[[ RECORD EXTRACTS, beginning ]]
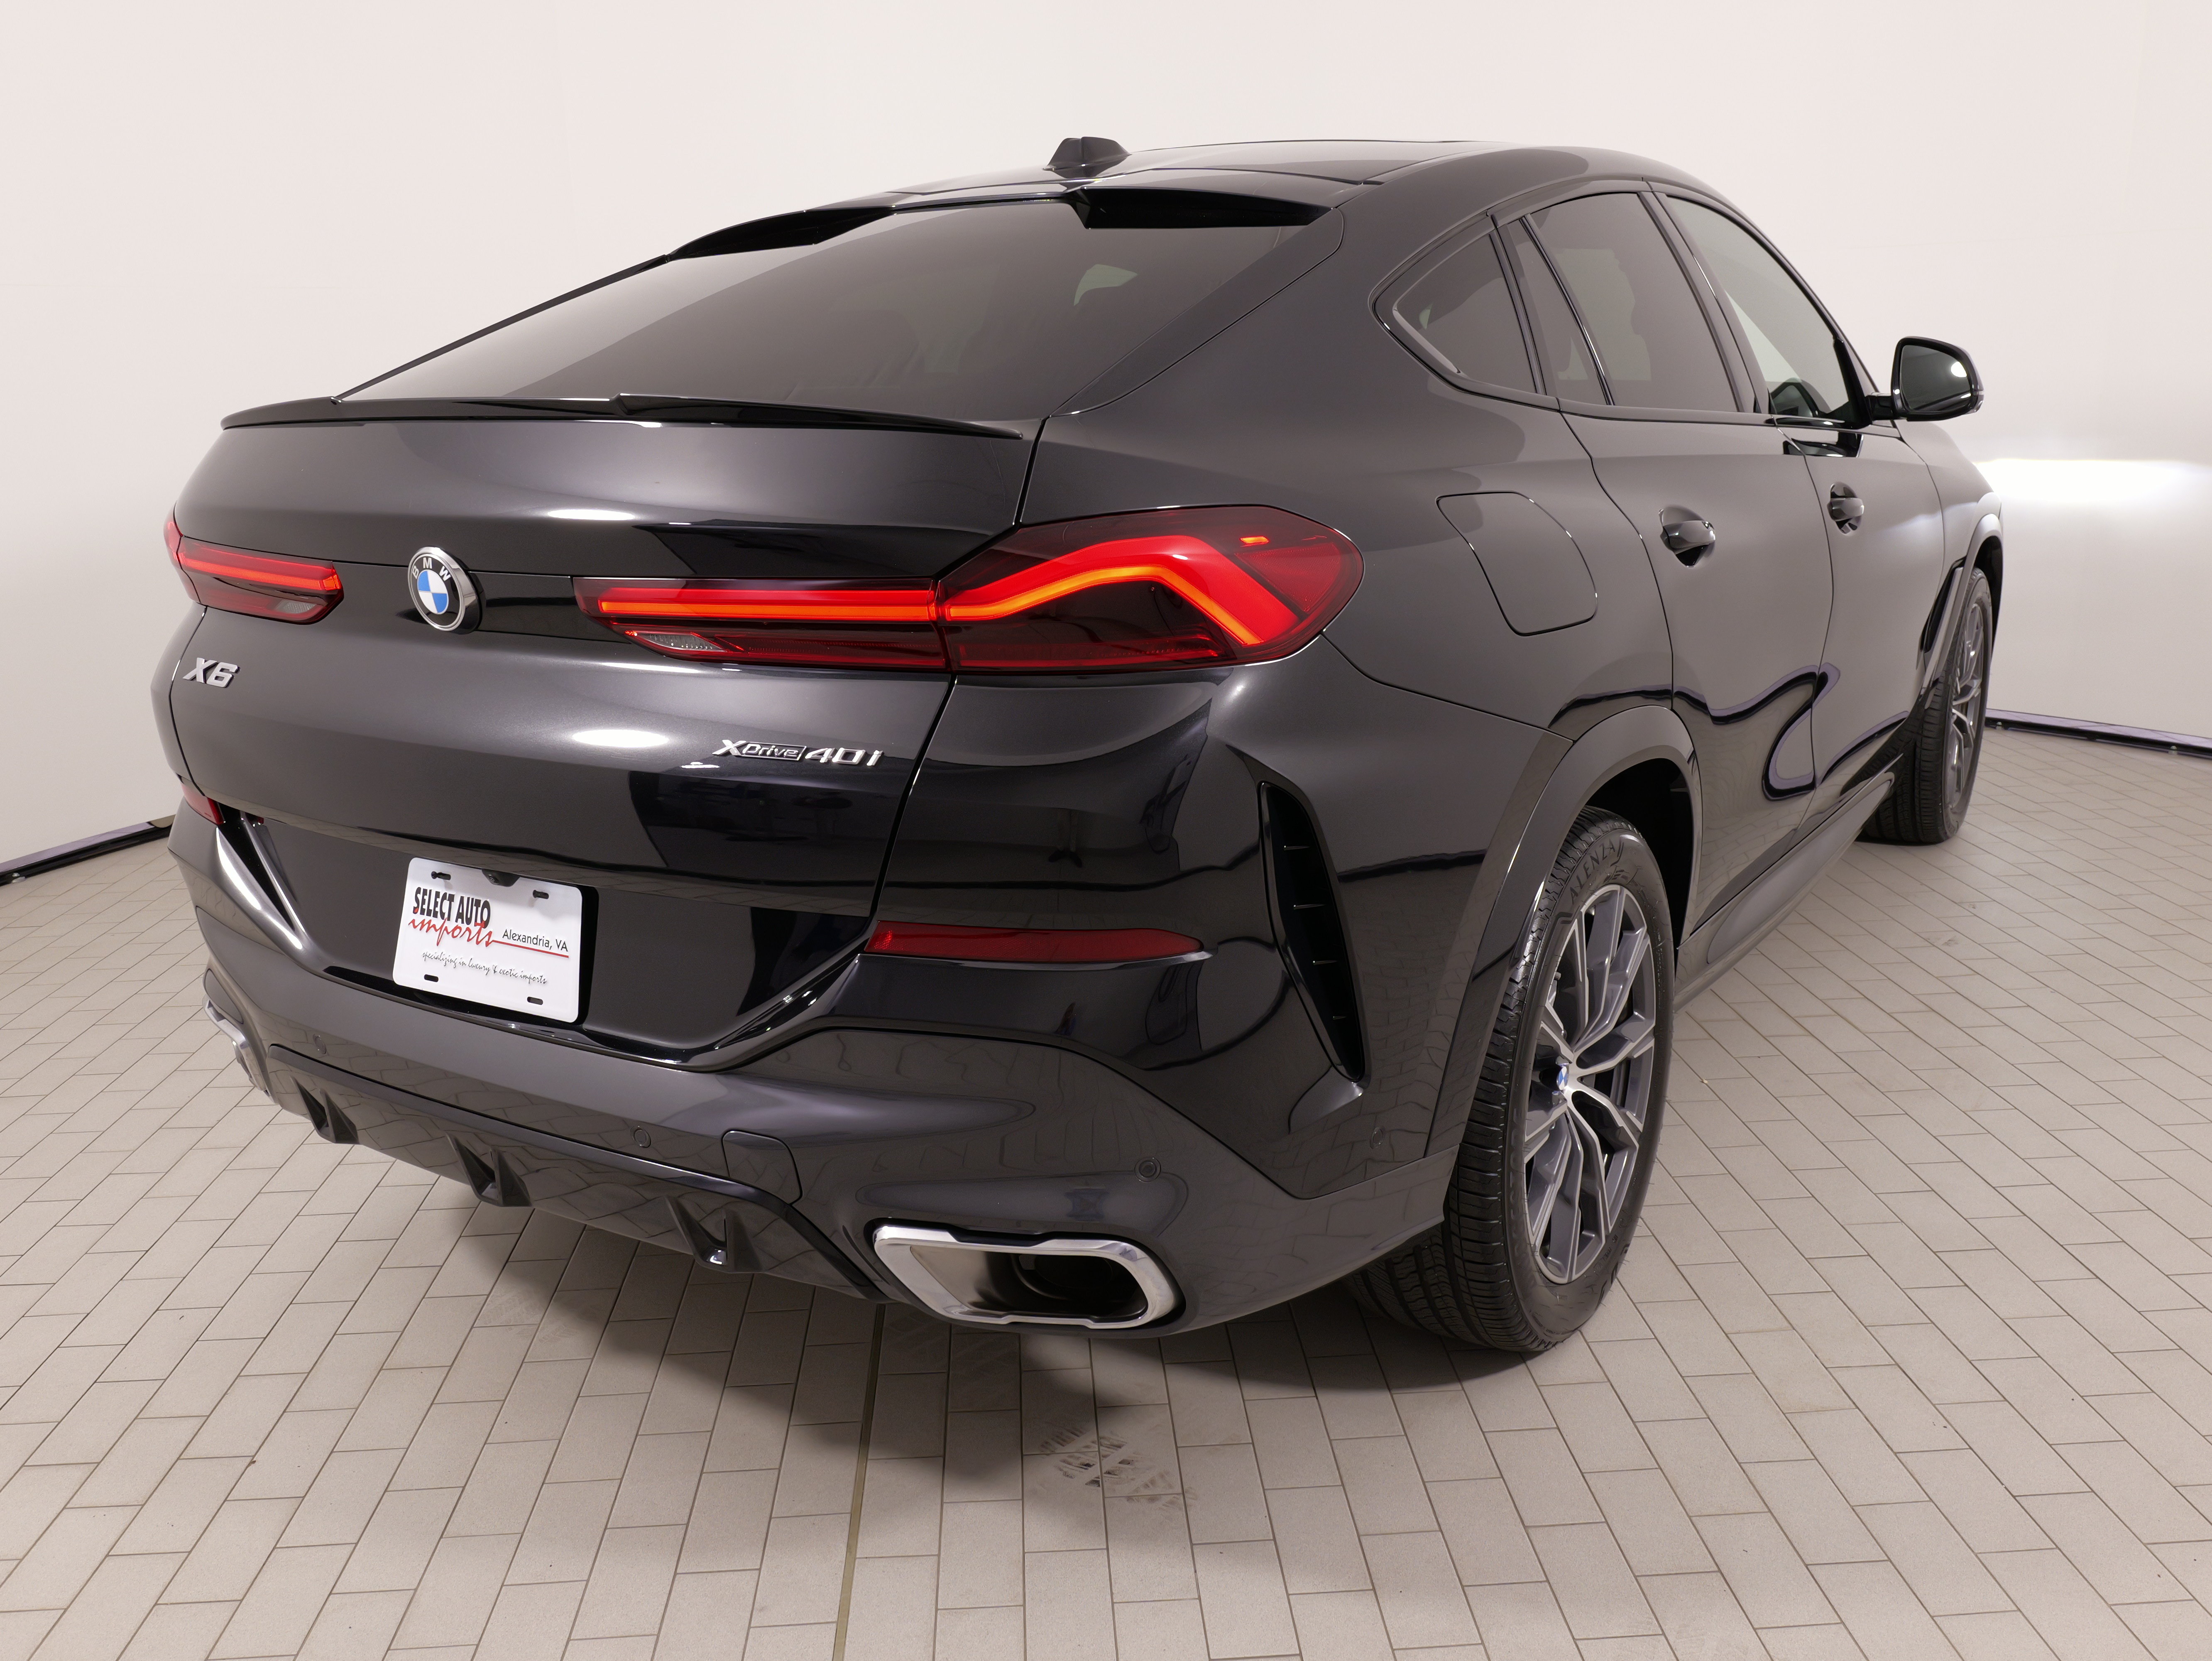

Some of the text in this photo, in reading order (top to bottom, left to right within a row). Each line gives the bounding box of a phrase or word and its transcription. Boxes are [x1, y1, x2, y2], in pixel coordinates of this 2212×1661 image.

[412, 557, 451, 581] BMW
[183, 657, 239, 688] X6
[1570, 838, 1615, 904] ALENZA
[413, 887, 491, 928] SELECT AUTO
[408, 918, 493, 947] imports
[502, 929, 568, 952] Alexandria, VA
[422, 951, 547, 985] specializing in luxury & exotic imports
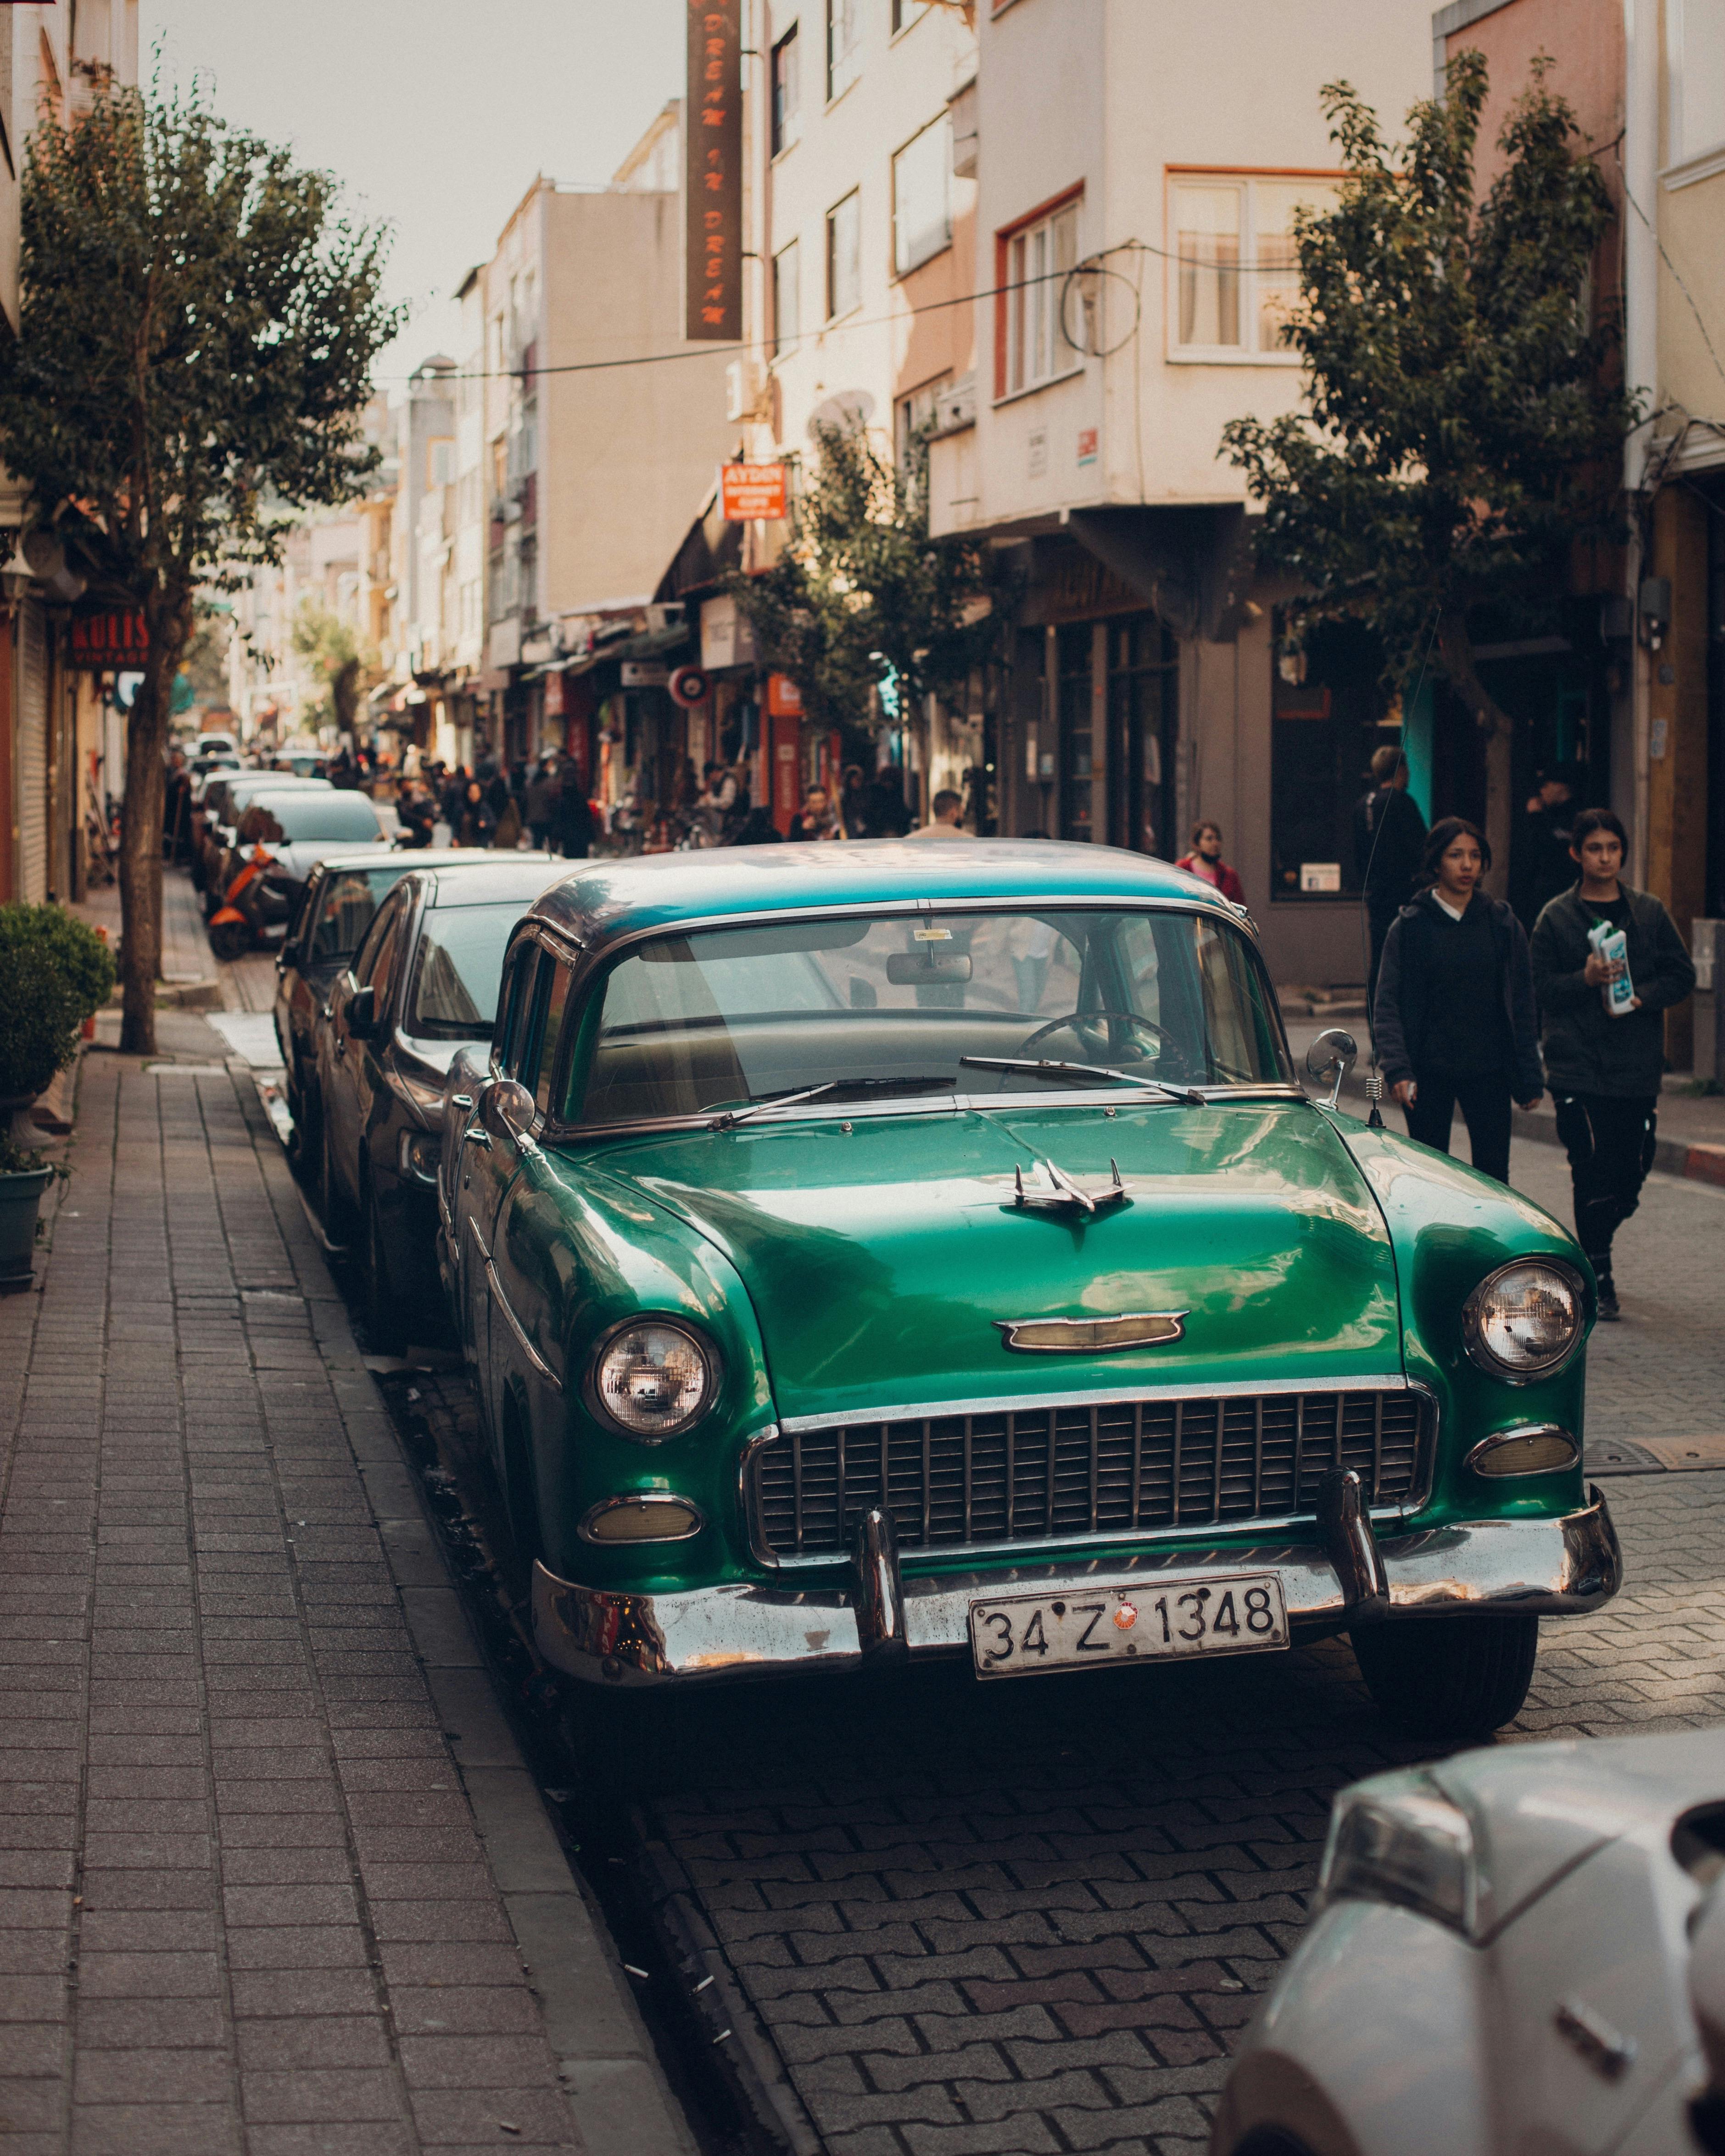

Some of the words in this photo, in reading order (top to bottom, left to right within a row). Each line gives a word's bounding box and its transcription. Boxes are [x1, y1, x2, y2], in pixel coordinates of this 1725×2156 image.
[[ RECORD EXTRACTS, end ]]
*DIRECTIONS FOR THIS TASK*:
Could the entries above be returned verbatim, with no pictures included?

*OUTPUT FOR THIS TASK*:
Some of the text in this photo, in reading order (top to bottom, left to right within a row). Each line gives the bounding box of a phrase or word and its transcription. Boxes are [x1, y1, x2, y2], in pixel coordinates of this 2212×1661 image.

[412, 557, 451, 581] BMW
[183, 657, 239, 688] X6
[1570, 838, 1615, 904] ALENZA
[413, 887, 491, 928] SELECT AUTO
[408, 918, 493, 947] imports
[502, 929, 568, 952] Alexandria, VA
[422, 951, 547, 985] specializing in luxury & exotic imports

Some of the words in this photo, in reading order (top to bottom, left to right within a row). Each line gives a word's bounding box and its transcription. Boxes are [x1, y1, x2, y2], in pixel coordinates of this 1725×2156 image.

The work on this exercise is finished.